The 7 Natural Wonders of the World

These spectacular spots reveal the diverse splendor of planet Earth.

Aerial view of snow-capped Mount Everest
Mount Everest is shared by Nepal and China.

Emad aljumah / Getty Images 

The practice of compiling "wonders" into groups of seven dates back to Ancient Greece, when the list we now know as the Seven Ancient Wonders of the World was first created. Today, we also have the Seven Modern Wonders of the World and several other groupings.

For nature lovers, the seven natural wonders of the world are particularly exciting. These sites are all naturally formed, without significant alteration by humans.

There are several different versions of the seven natural wonders of the world list. We'll focus on the most commonly accepted list, which originated in a 1997 CNN article and is promoted by the conservation organization Seven Natural Wonders.
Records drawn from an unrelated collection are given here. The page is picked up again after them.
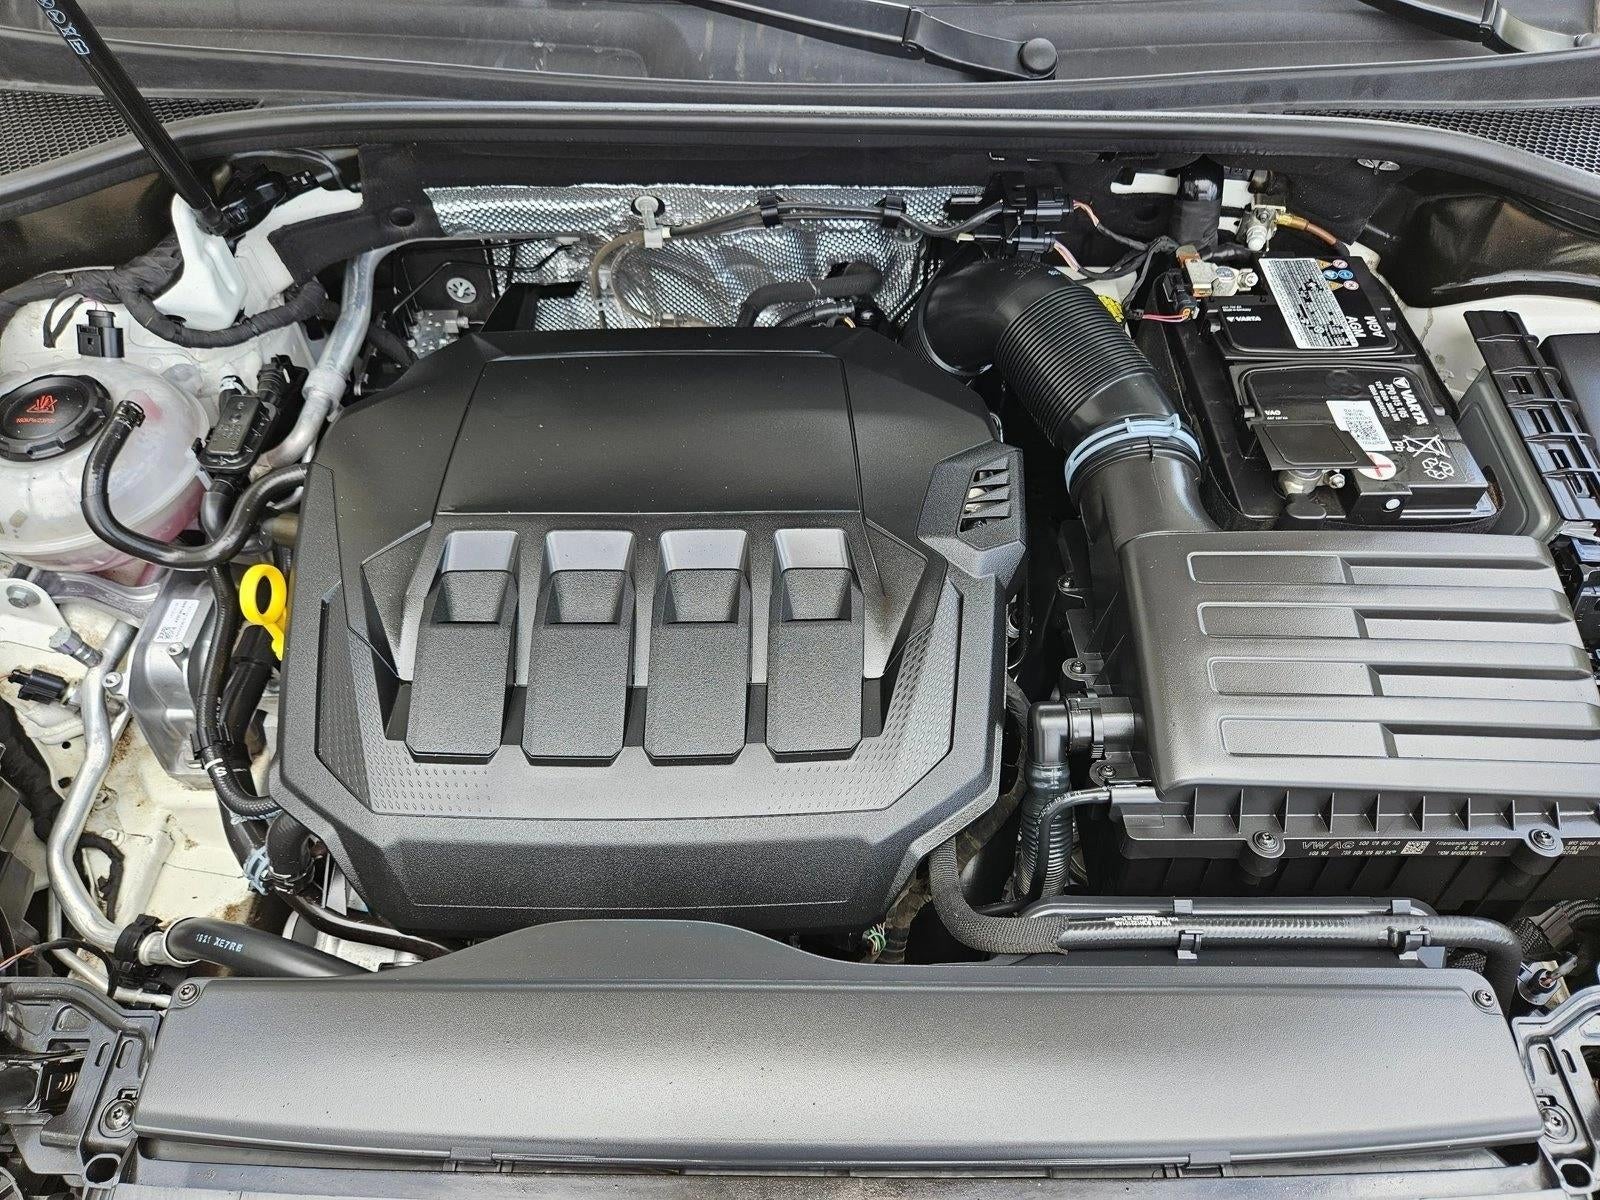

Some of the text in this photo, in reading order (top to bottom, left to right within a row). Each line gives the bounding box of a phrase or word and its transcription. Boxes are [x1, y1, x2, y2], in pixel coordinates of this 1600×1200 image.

[1345, 315, 1367, 338] AGM
[1363, 315, 1386, 338] AGM
[1400, 388, 1429, 426] VARTA
[1391, 440, 1406, 453] Pb
[1302, 841, 1330, 850] VW
[1329, 841, 1355, 850] AG
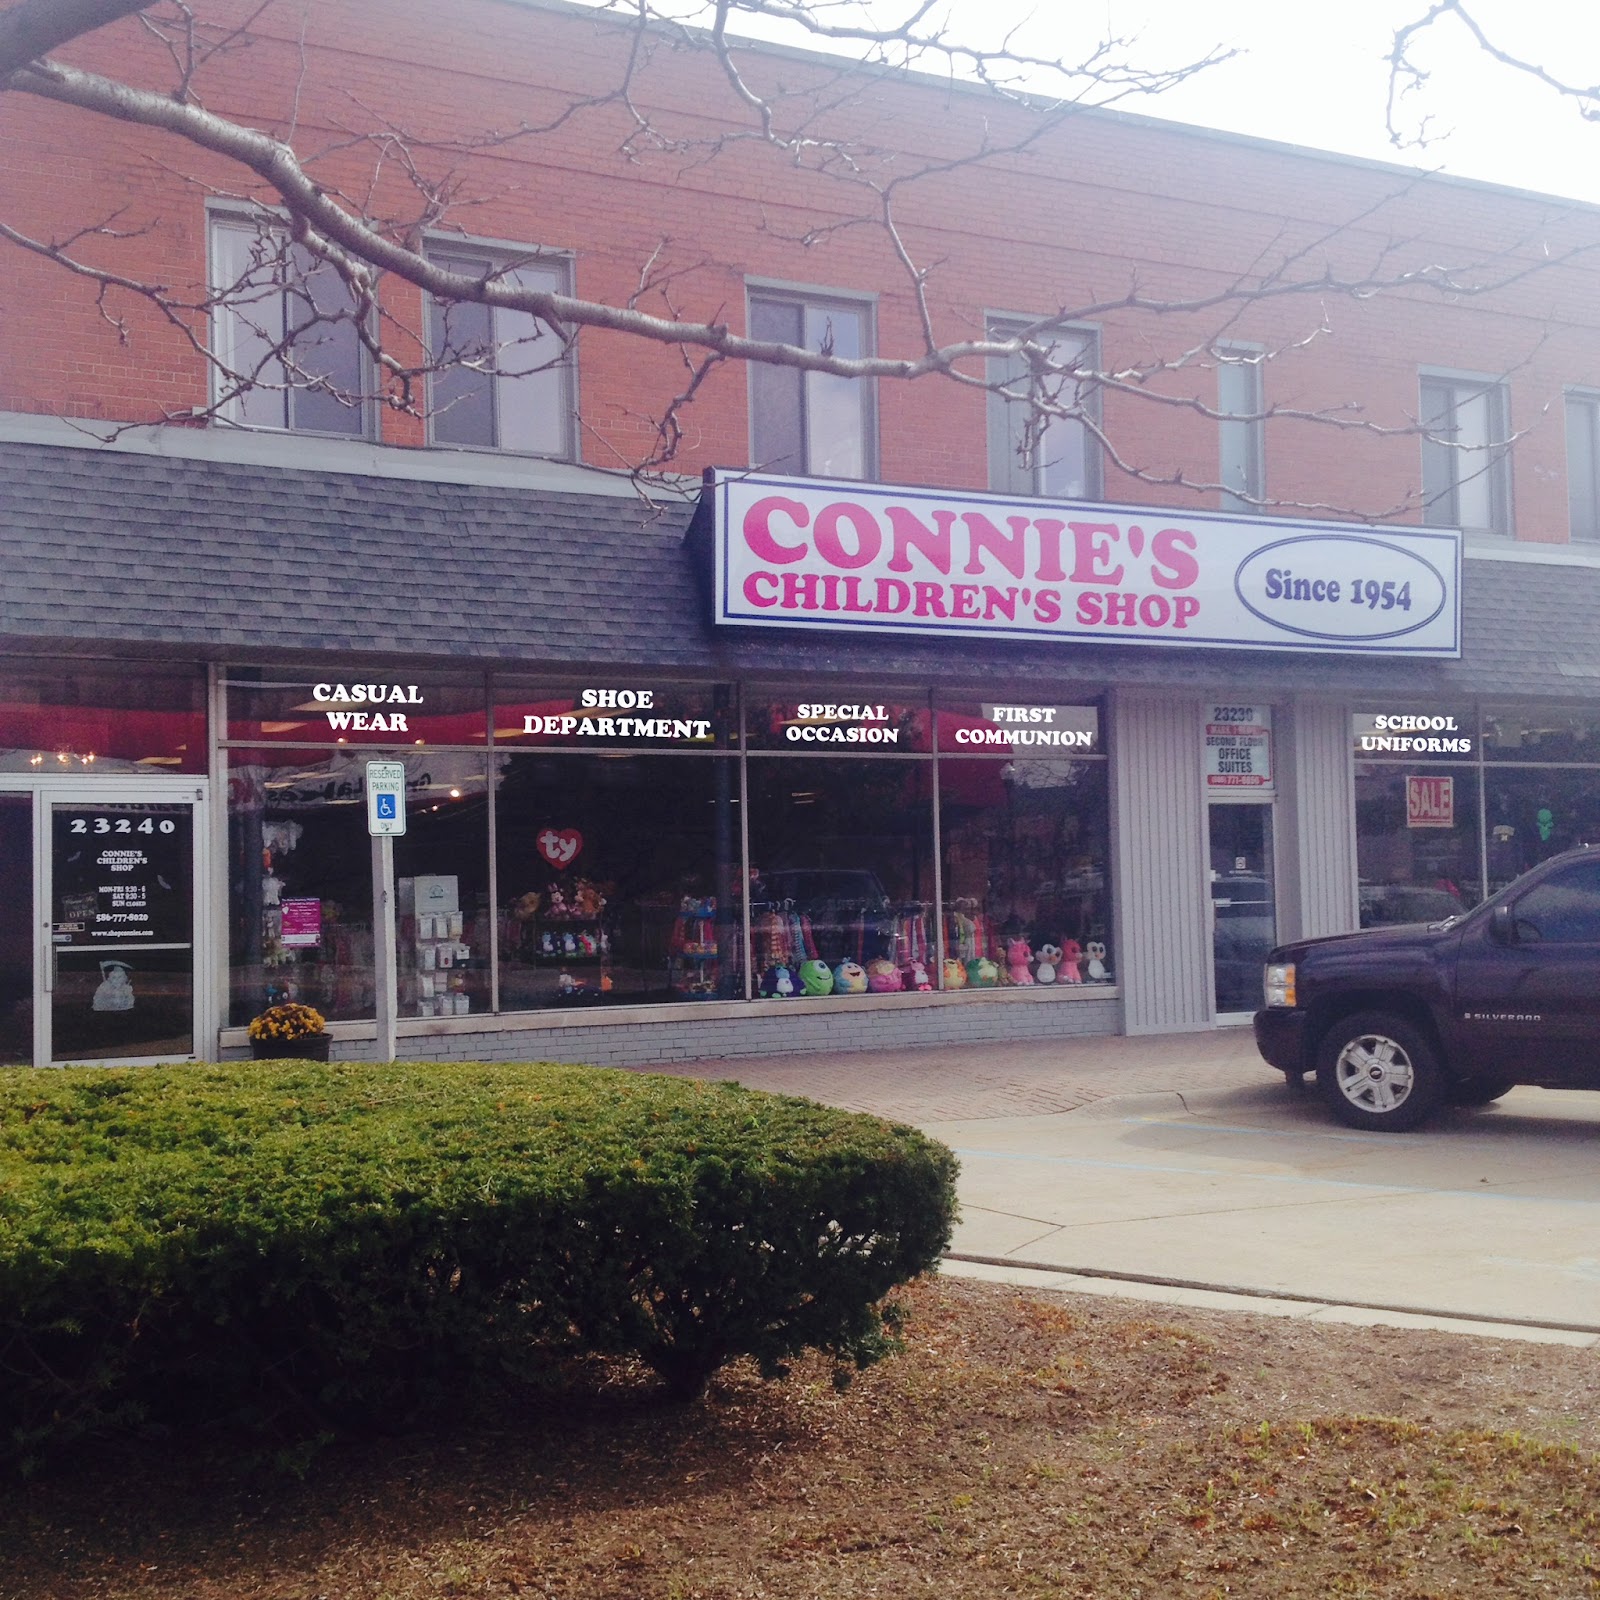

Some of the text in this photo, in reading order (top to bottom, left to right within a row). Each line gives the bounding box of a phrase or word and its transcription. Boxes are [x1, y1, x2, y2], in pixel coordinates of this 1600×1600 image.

Here's what you need to know about the seven natural wonders of the world.

of 7

Grand Canyon

View of Colorado River in Grand Canyon National Park

Dean Fikar  / Getty Images

The Grand Canyon in the southwestern United States is called "grand" for good reason. At more than a mile deep, 277 river miles long, and between four and 18 miles wide, it is one of the largest and longest canyons in the world. It covers an area of over 9.5 million square miles. For perspective, that's bigger than the state of Rhode Island.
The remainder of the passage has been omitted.